THE OFFICE BLOCK OUTLOOK

In the commercial office sector, Kleu says the Covid-19 pandemic cut the value of office buildings from about R20,000/m² to R10,000-R12,000. “So that stock became really affordable, with residential developers buying and converting them, leaving fewer commercial buildings in the market.

“Now, with everyone going back to the office, the value of commercial buildings has risen back to around R20,000-R22,000/m². Rentals have already increased quite dramatically. I’m bullish on commercial space because of the lack of supply and with all the foreigners coming to Cape Town and ongoing semigration, they all need a place to work.”

Thibault Investments COO and CCID deputy chairperson Grant Elliott expects many people who haven’t yet returned to the office to do so. “They want that sense of belonging. They want to be with their team. They need that physical connection with people,” he says.

“When you’re talking about contact centres and service providers that are interacting daily with their clients face-to-face, they’re predominantly going to be back in the office.”

Elliott says the decline in working from home coupled with the economic optimism linked to the formation of the Government of National Unity in mid-2024 would further reduce office vacancies and push up rentals.

“The very low rentals offered to attract tenants and fill vacant space have steadily started to climb back and are probably now at pre-Covid levels, if not verging on being slightly higher in premium developments.

“We are seeing more and more P-grade leases being signed with rentals in excess of R200/m², which has been pretty much a concrete ceiling. Overall, the outlook for offices is positive.”
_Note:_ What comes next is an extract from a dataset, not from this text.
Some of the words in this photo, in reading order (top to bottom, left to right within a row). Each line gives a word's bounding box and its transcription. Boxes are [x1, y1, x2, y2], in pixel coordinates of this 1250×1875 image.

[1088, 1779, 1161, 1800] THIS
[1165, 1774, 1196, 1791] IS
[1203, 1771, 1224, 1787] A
Murray Clark, CCID board member and founder and CEO of Neighbourgood, expects landlords to invest in the quality of their offerings. “The best buildings will be upgraded with amazing amenities, cafés, wellness studios, a lot of sustainability, furnished options, unfurnished options – anything and everything versus standard B/C-grade offices.

“A lot of the market will elevate itself to A or B grade to retain clients, or it will be repurposed. You won’t have much in the middle because those tenants aren’t really there anymore.”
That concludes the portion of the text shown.